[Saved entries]
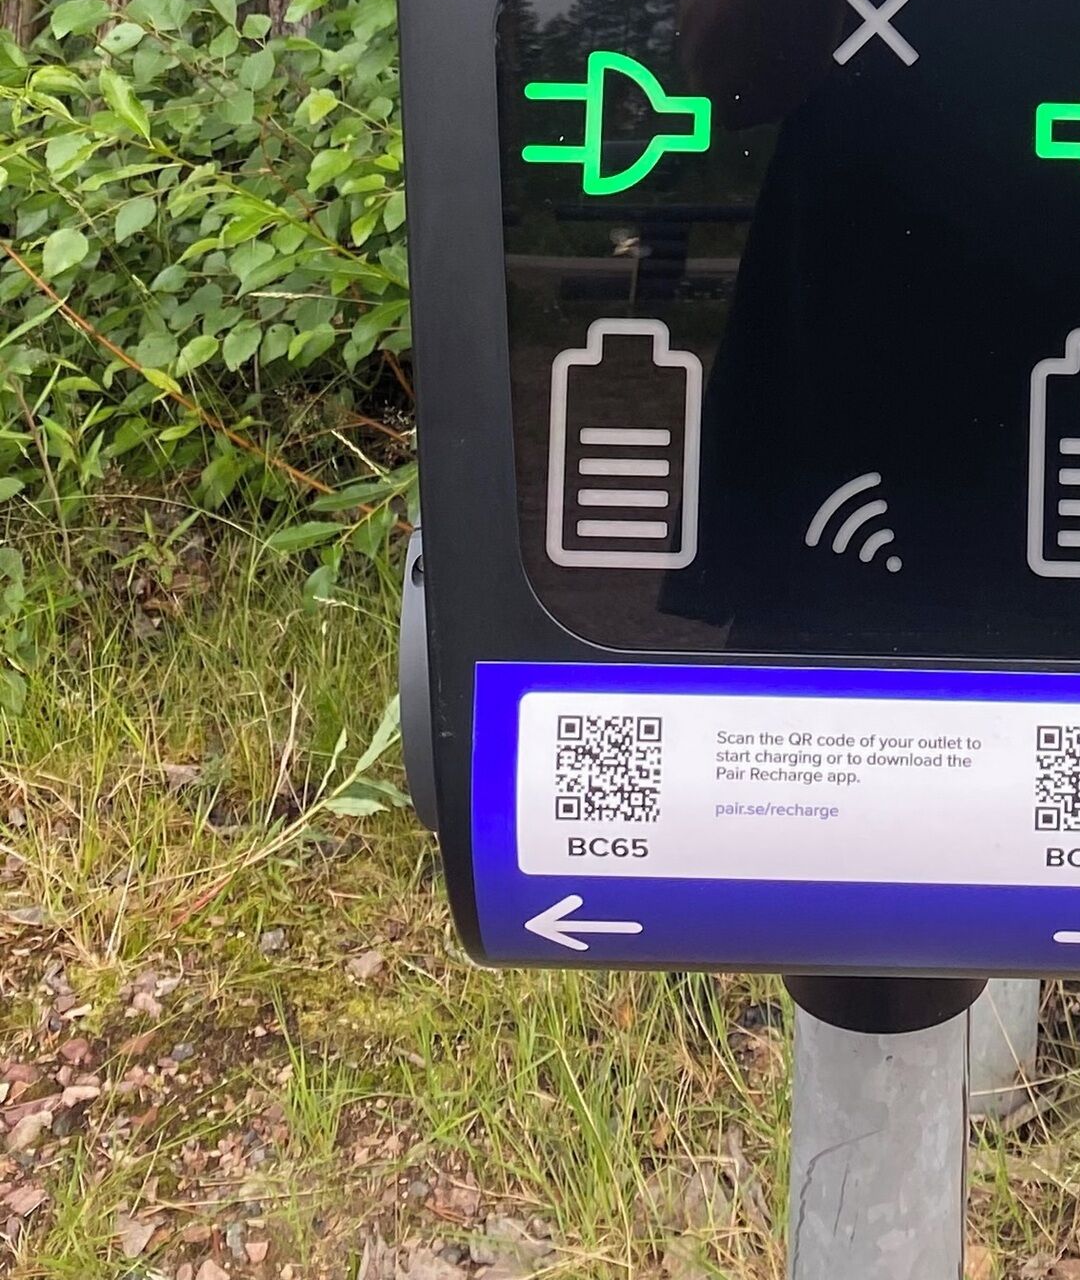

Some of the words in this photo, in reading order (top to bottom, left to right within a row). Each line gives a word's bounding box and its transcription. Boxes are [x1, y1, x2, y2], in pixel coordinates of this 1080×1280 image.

[716, 730, 755, 746] Scan
[758, 731, 785, 746] the
[788, 731, 813, 747] QR
[816, 732, 856, 748] code
[859, 733, 877, 748] of
[878, 736, 915, 752] your
[917, 735, 963, 750] outlet
[965, 736, 982, 751] to
[715, 749, 751, 763] start
[754, 749, 822, 768] charging
[826, 753, 844, 765] or
[846, 751, 863, 766] to
[865, 751, 943, 768] download
[946, 753, 973, 769] the
[715, 765, 746, 781] Pair
[749, 766, 824, 786] Recharge
[827, 771, 861, 787] app.
[715, 801, 840, 821] pair.se/recharge
[567, 836, 649, 859] BC65
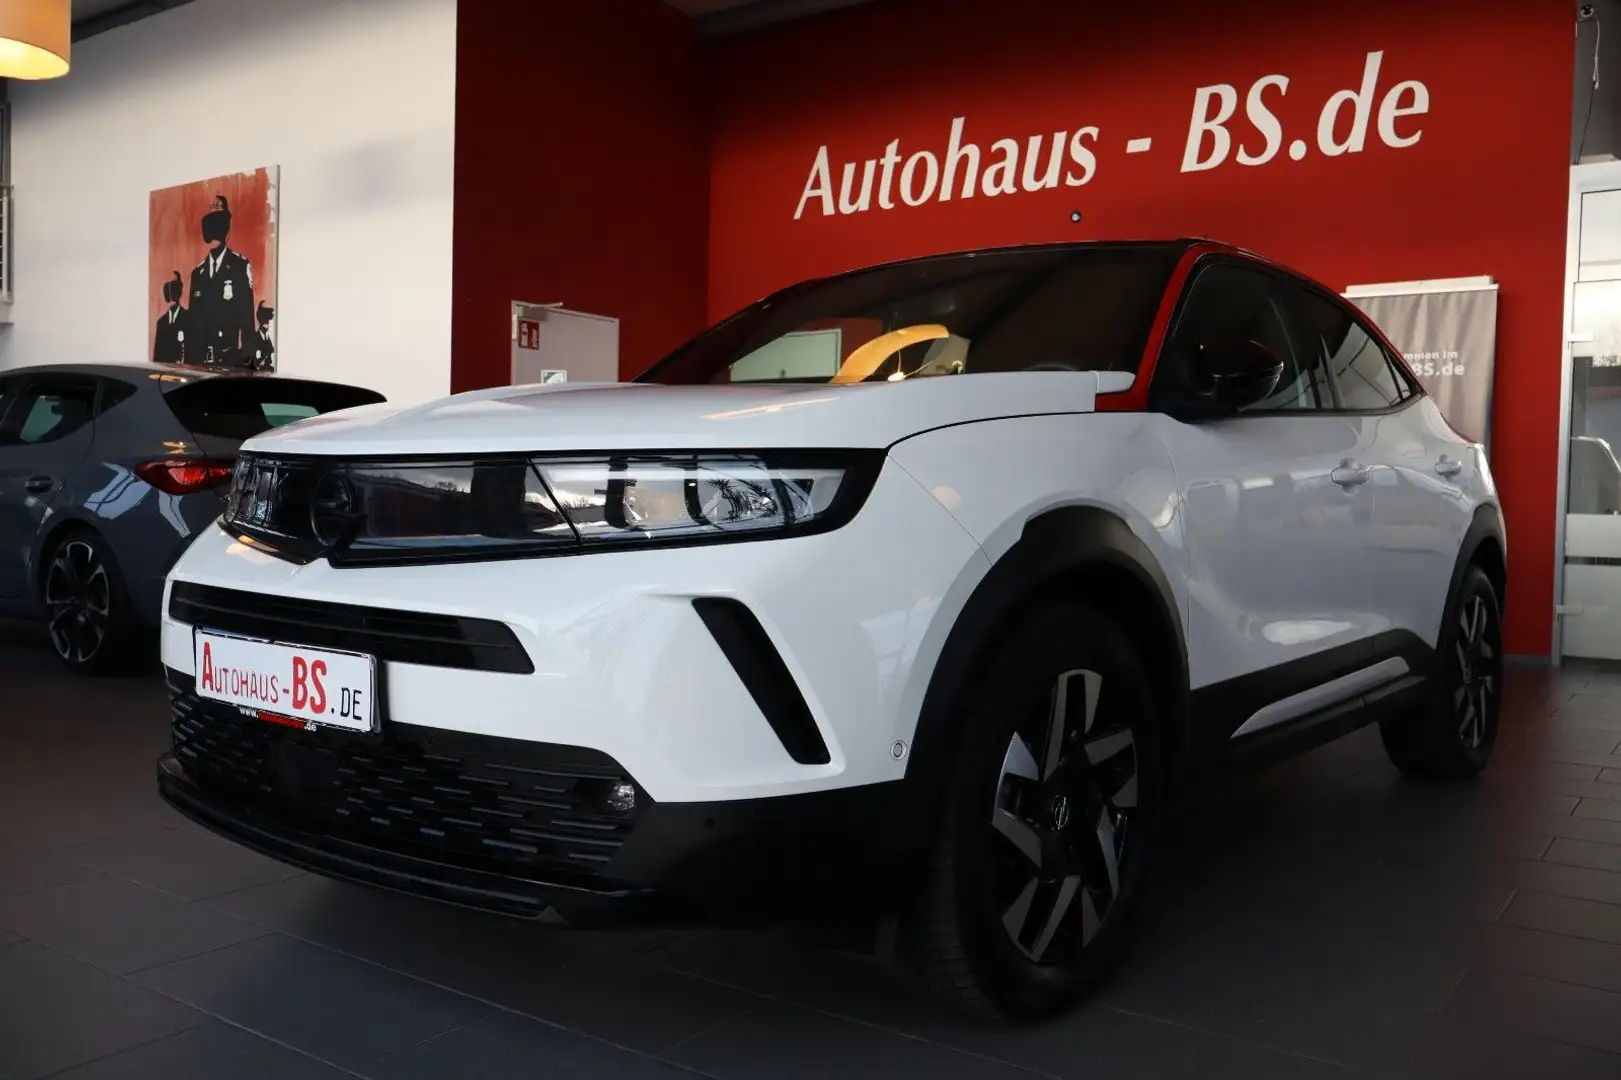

• _REQUIRED WORK_
All entries above, minus the pictures, should be repeated exactly.

• _REPLY TO THE EXERCISE_
Some of the words in this photo, in reading order (top to bottom, left to right within a row). Each line gives a word's bounding box and its transcription. Boxes are [x1, y1, x2, y2], in pixel coordinates of this 1080×1280 image.

[716, 730, 755, 746] Scan
[758, 731, 785, 746] the
[788, 731, 813, 747] QR
[816, 732, 856, 748] code
[859, 733, 877, 748] of
[878, 736, 915, 752] your
[917, 735, 963, 750] outlet
[965, 736, 982, 751] to
[715, 749, 751, 763] start
[754, 749, 822, 768] charging
[826, 753, 844, 765] or
[846, 751, 863, 766] to
[865, 751, 943, 768] download
[946, 753, 973, 769] the
[715, 765, 746, 781] Pair
[749, 766, 824, 786] Recharge
[827, 771, 861, 787] app.
[715, 801, 840, 821] pair.se/recharge
[567, 836, 649, 859] BC65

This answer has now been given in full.